Todos los protagonistas abren fuego en Melbourne. La ciudad está un poco sorprendida. Aquí aman a la F1
y lo único que están oyendo son las declaraciones cruzadas entre
Ecclestone y los organizadores del GP local. El británico pretende
hacer la carrera de noche en el futuro. Y los locales, no poner un
dólar más para la organización. La cosa se complica, y la amenaza de no
renovar el contrato –que acaba en 2009 – planea sobre Melbourne.
La ciudad, en tanto, se apresta a recibir la primera cita del año.
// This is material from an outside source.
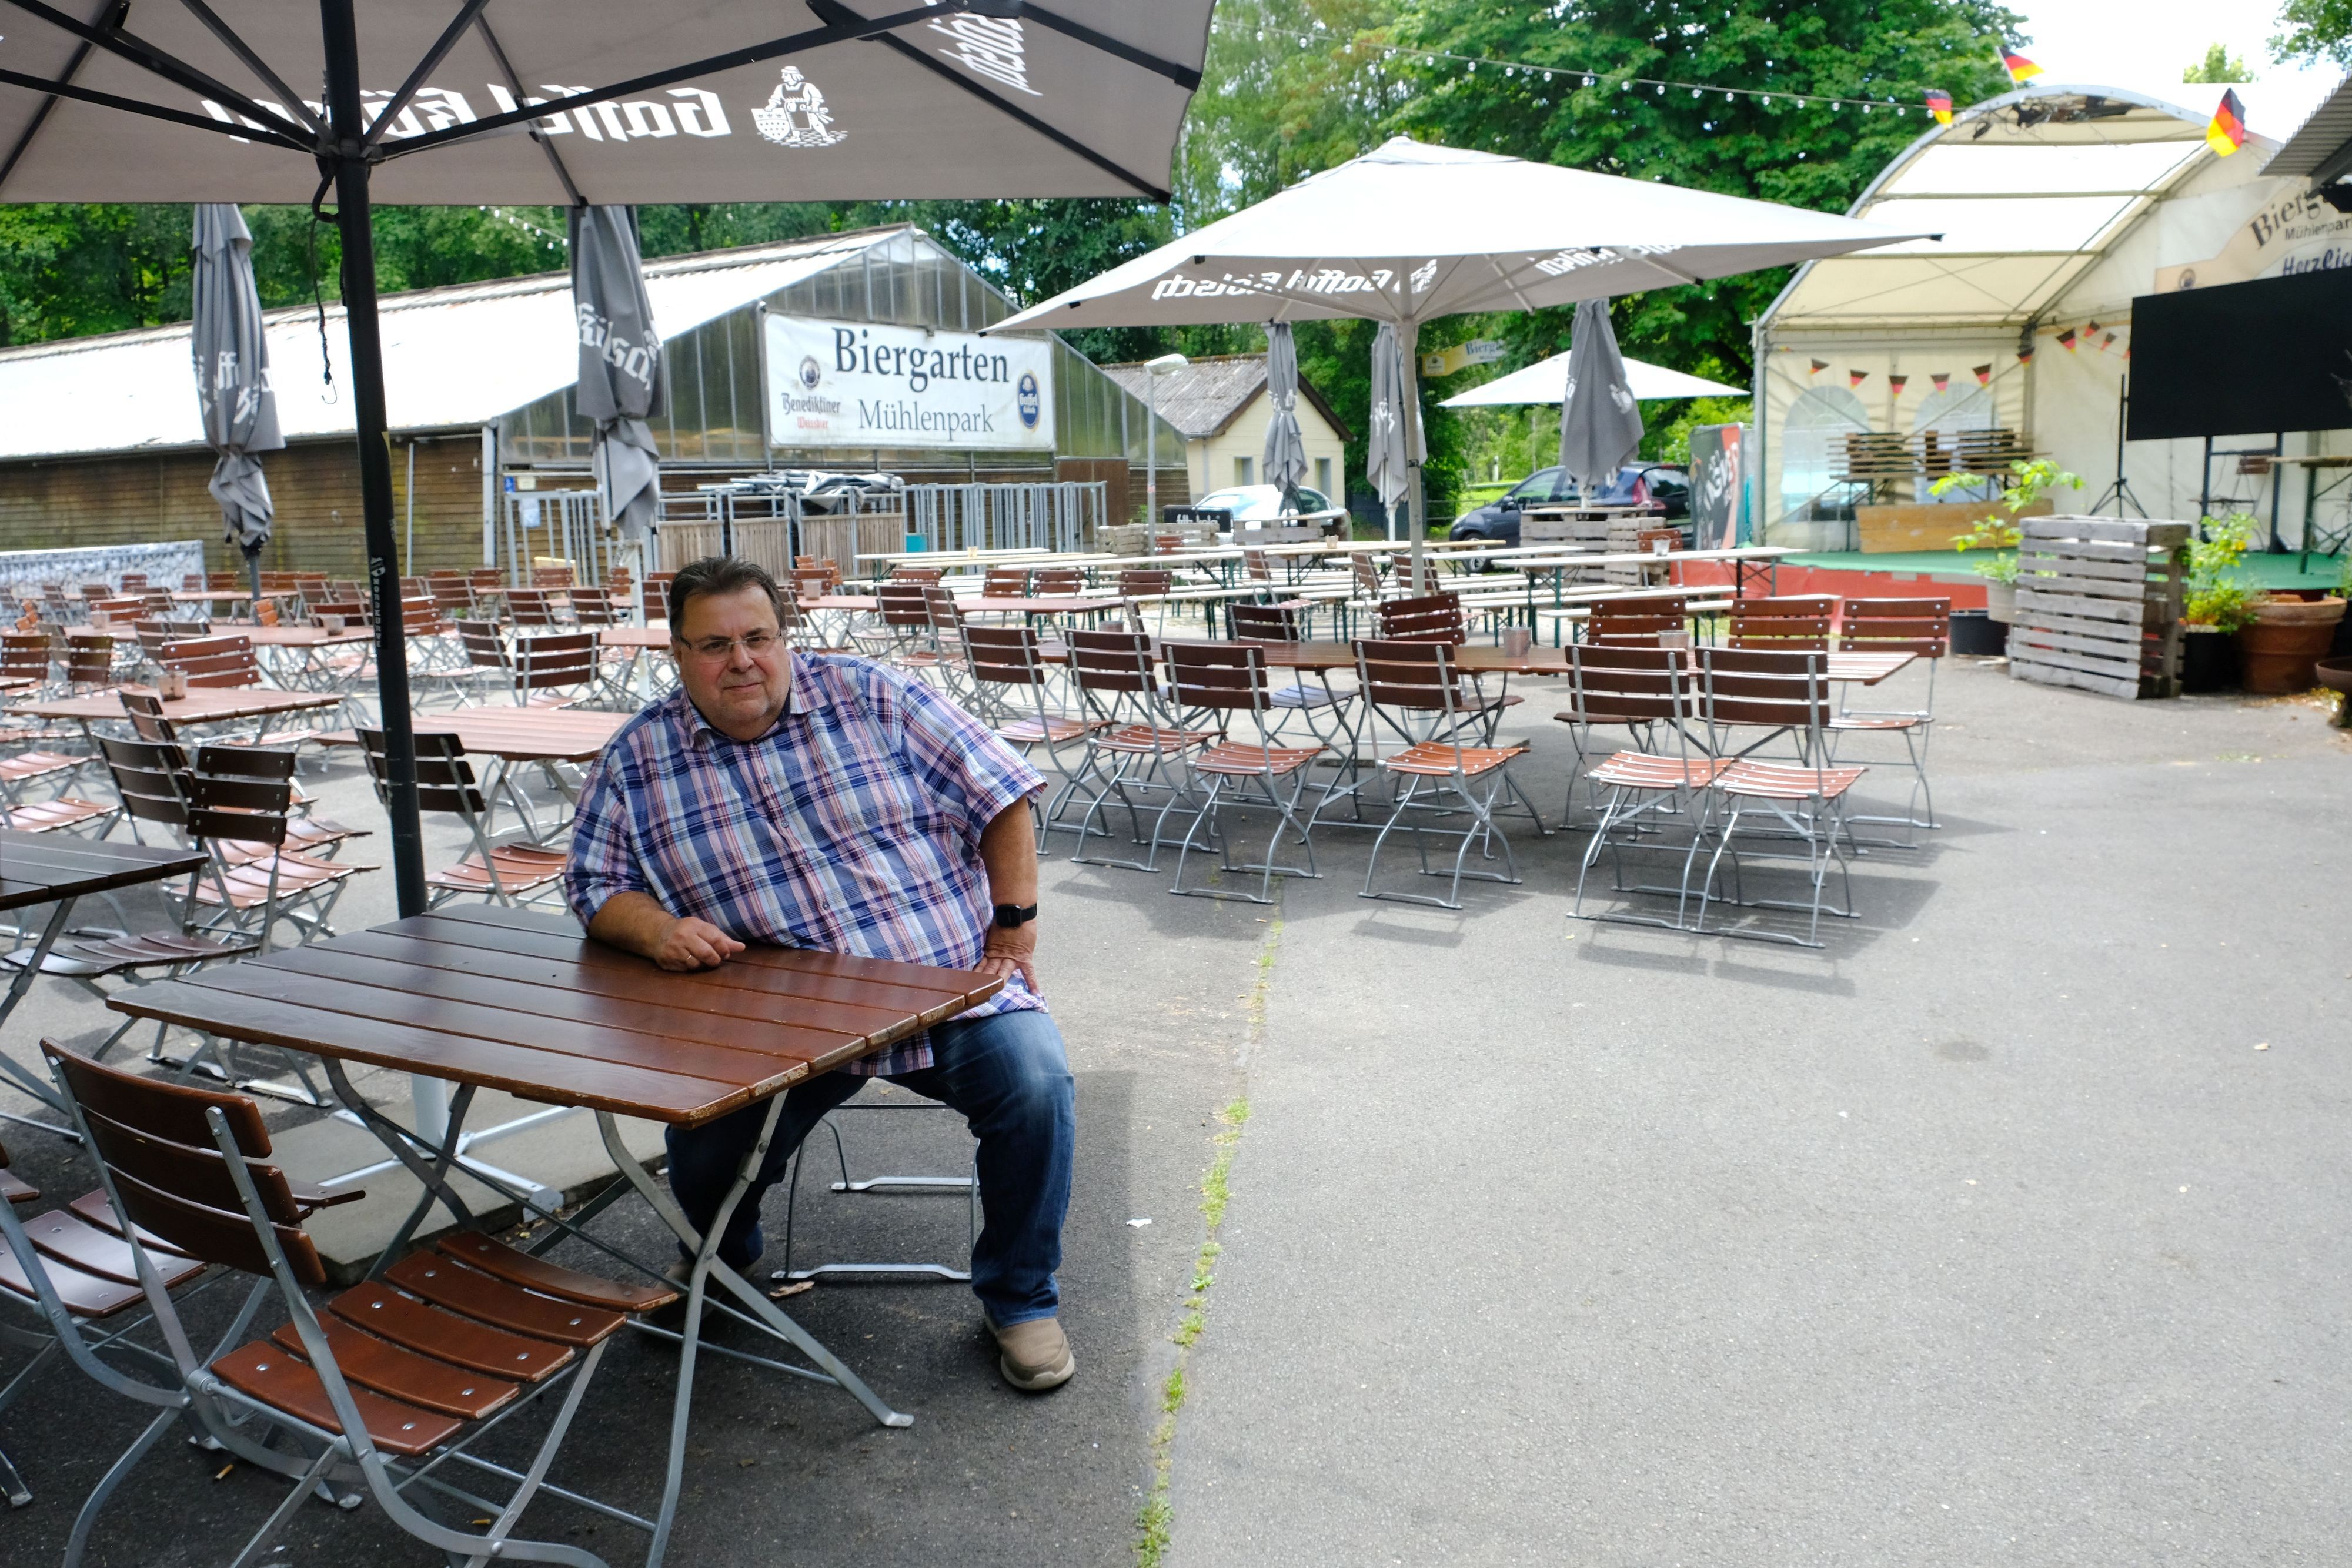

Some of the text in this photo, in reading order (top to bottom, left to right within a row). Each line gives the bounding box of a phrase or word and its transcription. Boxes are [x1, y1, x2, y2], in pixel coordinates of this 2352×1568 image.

[831, 327, 1009, 393] Biergarten
[781, 392, 841, 415] Benediktiner
[858, 399, 994, 441] Mühlenpark
La cordialidad y la excelente organización siguen siendo sus puntos
fuertes. Muchas veces, en esta primera carrera es la lluvia o el frío
quien dicta sentencia. Aquí se acaba el verano en cualquier momento,
pero este año, parece querer despedirse con ganas. Se anuncian
temperaturas altísimas para lo que resta de semana. No habrá sorpresas
con ello. Y no habrá sorpresas en la pista a causa de ello.
Los boxes siguen su trajín.
Los Ferrari, pintados con extrañas formas en su carenado del motor. Los
de McLaren, sin aún haber puesto la estructura del muro de boxes, por
más que Ron Dennis haya asegurado que estará en ella. En ForceIndia,
novatos con experiencia –es la misma gente de Spyker; Midland o Jordan
en el fondo- pintaron los flancos de sus monoplazas de rojo, y sus
cches, cada vez se parecen más a los de McLaren. Los de Renault, sin
mostrar los que algunos parecen saber de antemano: el empleo de un
alerón trasero revolucionario. Veremos si el viernes lo montan. Por
ahora, no lo han hecho. Ni nadie lo ha visto.
La vida transcurre muy tranquila en los días previos al primer GP del año.
Habrá mucho que contar durante los días que vengan. En Renault, se
preparan para tratar de extraer el máximo del coche en los garajes. Lo
demás, lo que dé en la pista, de eso se encargará otro, que hoy anduvo
por el circuito. Fernando Alonso dio la vuelta a pié a Albert Park con
su ingeniero, luego comió en el box de su equipo y más tarde, se marchó
a su hotel. Tendrá mucho trabajo a partir del jueves. Y durante el año.